I bring this to your attention not to toot my own horn, but only because in my heart I know that none of it would have occurred if Mr. Gant hadn‘t persuaded me to play tennis. More precisely, he dragged me onto a tennis court when I was 15, put a racket in my hand and worked with me until I was good enough to be a member of Phenix High’s high-powered, varsity tennis team. This he did when I was a sophomore, even though he knew I really wanted to play baseball. He was pushy that way, and, of course, I’m so glad he was.

But what he pushed me to do two years later as a senior, was equally, perhaps even more important. I didn’t receive the scholarship money I needed to attend the college of my choice, Notre Dame. A few days before graduation day, I went to Mr. Gant’s office and told him that since I couldn’t afford Notre Dame, I wasn’t going to college. I was going to join the Army. He asked me to take a walk with him.

We walked in silence to Hampton University’s old gymnasium, which was only a block away from Phenix High.  We sat in the athletic director’s office and waited for Dr. Herman Neilson. When Dr. Neilson arrived, Mr. Gant, without consulting me, told him that I had decided to attend Hampton and play tennis for the Pirates. Dr. Neilson shook my hand and congratulated me on my choice. Yep, once again Mr. Gant pushed me in the right direction, and again I’m so grateful that he did.

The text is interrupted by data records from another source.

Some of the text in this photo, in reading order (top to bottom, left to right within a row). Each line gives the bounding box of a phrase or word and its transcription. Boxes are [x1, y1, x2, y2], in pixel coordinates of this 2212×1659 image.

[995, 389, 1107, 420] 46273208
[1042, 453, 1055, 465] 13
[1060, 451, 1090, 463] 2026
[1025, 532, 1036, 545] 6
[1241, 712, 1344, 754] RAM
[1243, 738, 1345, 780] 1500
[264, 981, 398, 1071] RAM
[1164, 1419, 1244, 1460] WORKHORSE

In later years, the teacher-student relationship we had evolved into a friendship. However, my respect for him never would allow me to call him Rufus. Just as he had taught me to play tennis, he also gave me golf lessons when I got the golf bug about 20 years ago.  But I can’t say that his input was as effective on the tee box as it was on the tennis court. Twenty years later, I still don’t know where golf ball is going after I hit it on. But I love him still for the effort.

I grew up in the era of racial segregation and like most young black men, I realize now how much I needed someone like Mr. Gant to lean on and how different my life might have been had he not been there. He was one of many unsung heroes of the pre-Civil Rights era who taught young blacks throughout the South to tread confidently, but carefully through their sometimes unfriendly, sometimes hostile environment.

In my book, Whirlwind, I wrote this about Mr. Gant: “He encouraged us to push ourselves beyond the limits imposed by racist policies and frequently urged us to be twice as good as our white competitors.  Mr. Gant also added this warning: “Rejection might come even when you prove yourself, but never stop trying.”

After integration came to Hampton, Mr. Gant was appointed principal of racially-mixed Hampton High School and there’s no doubt in my mind that he provided the same level of common-sense, do-the-right-thing guidance to his all students there as he did with students of my generation.

It seems to me that his life’s goal simply was to strive to do what he always encouraged me and others to do: Excel, excel, excel and never forget to reach back and help others do the same. That is why he’ll live forever in my heart and – no doubt – in the hearts of so many others who profited from the days he spent on this earth helping young people meet the challenges of adult life.